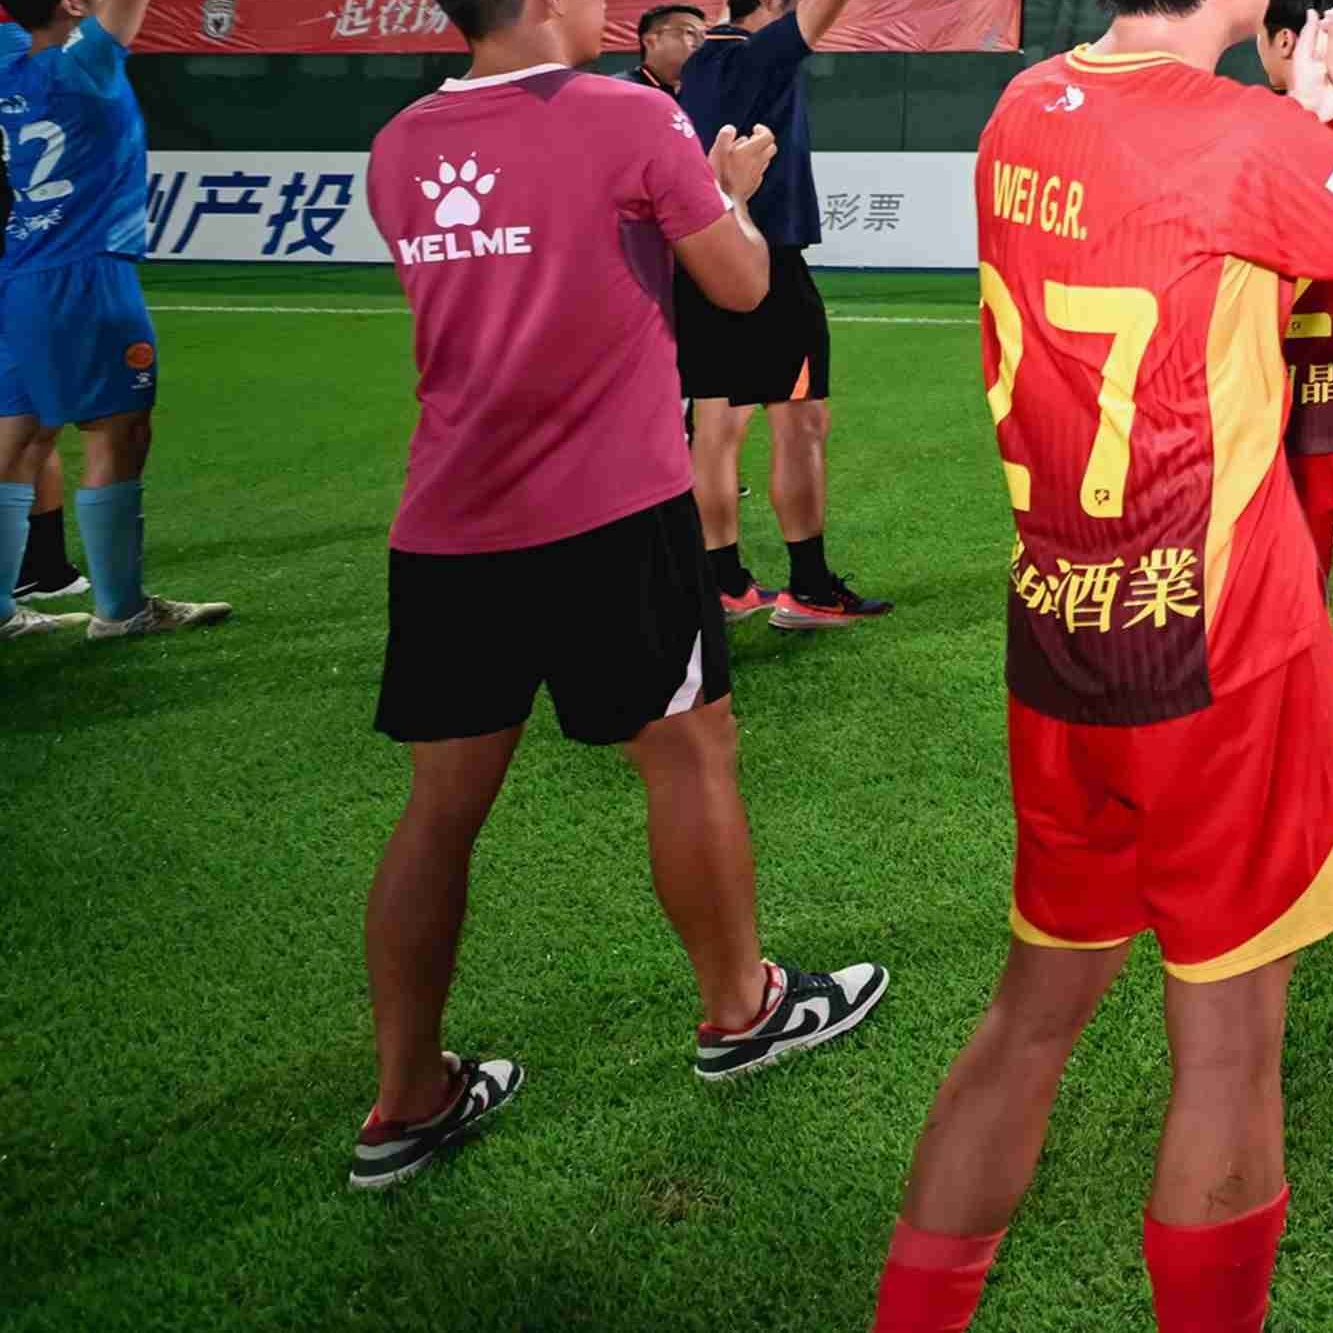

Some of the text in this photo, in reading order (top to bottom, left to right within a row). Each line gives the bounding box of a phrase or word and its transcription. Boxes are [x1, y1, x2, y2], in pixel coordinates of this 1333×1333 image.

[821, 193, 905, 232] 彩票
[993, 159, 1088, 241] WEI G.R.
[398, 224, 532, 266] KELME
[980, 259, 1159, 519] 27
--- --- ---
◆ EXERCISE
Word for word, restate the records above and drop the pictures.

◆ REPLY TO THE EXERCISE
Some of the text in this photo, in reading order (top to bottom, left to right within a row). Each line gives the bounding box of a phrase or word and its transcription. Boxes are [x1, y1, x2, y2], in pixel coordinates of this 1333×1333 image.

[821, 193, 905, 232] 彩票
[993, 159, 1088, 241] WEI G.R.
[398, 224, 532, 266] KELME
[980, 259, 1159, 519] 27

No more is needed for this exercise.